Start of DATASET EXCERPTS

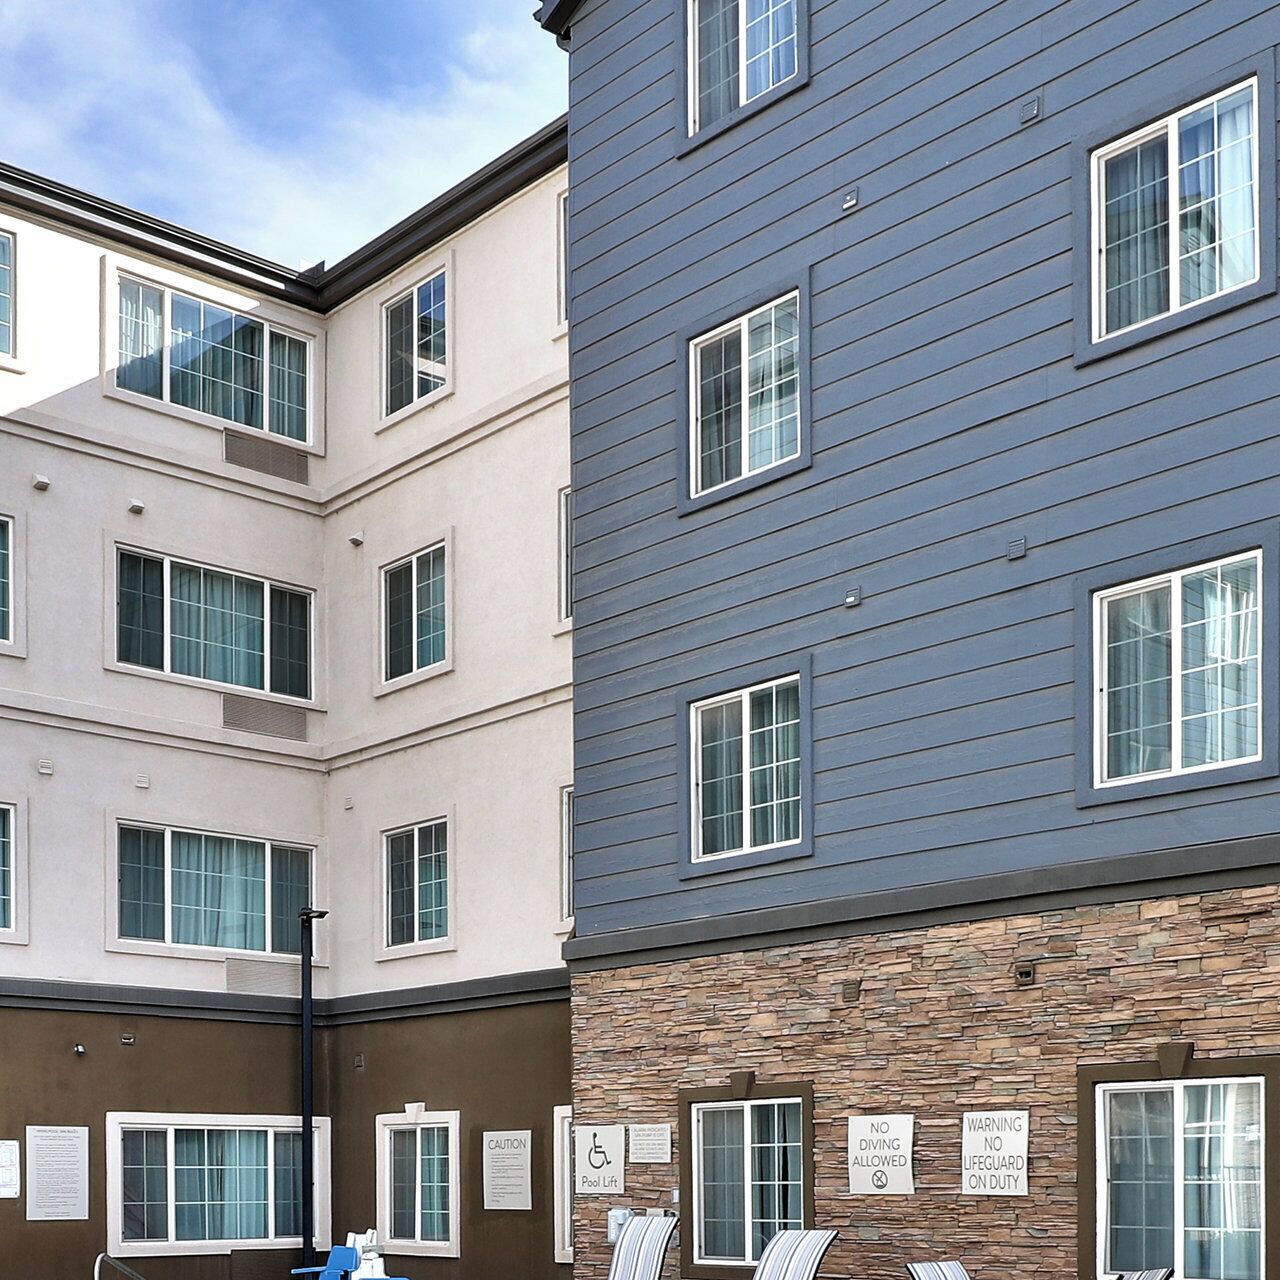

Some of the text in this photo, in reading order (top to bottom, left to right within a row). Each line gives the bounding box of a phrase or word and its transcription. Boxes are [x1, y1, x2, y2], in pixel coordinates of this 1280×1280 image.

[870, 1121, 890, 1134] NO
[968, 1116, 1022, 1132] WARNING
[488, 1138, 526, 1150] CAUTION
[859, 1138, 901, 1151] DIVING
[984, 1136, 1003, 1151] NO
[852, 1154, 907, 1167] ALLOWED
[963, 1155, 1024, 1171] LIFEGUARD
[581, 1175, 618, 1188] Pool Lift
[968, 1174, 1020, 1190] ON DUTY

End of DATASET EXCERPTS

» **WORK INSTRUCTIONS**
Would you write out the material above in full, exactly as given, except for its pictures?

» **SOLVED EXERCISE**
Some of the text in this photo, in reading order (top to bottom, left to right within a row). Each line gives the bounding box of a phrase or word and its transcription. Boxes are [x1, y1, x2, y2], in pixel coordinates of this 1280×1280 image.

[870, 1121, 890, 1134] NO
[968, 1116, 1022, 1132] WARNING
[488, 1138, 526, 1150] CAUTION
[859, 1138, 901, 1151] DIVING
[984, 1136, 1003, 1151] NO
[852, 1154, 907, 1167] ALLOWED
[963, 1155, 1024, 1171] LIFEGUARD
[581, 1175, 618, 1188] Pool Lift
[968, 1174, 1020, 1190] ON DUTY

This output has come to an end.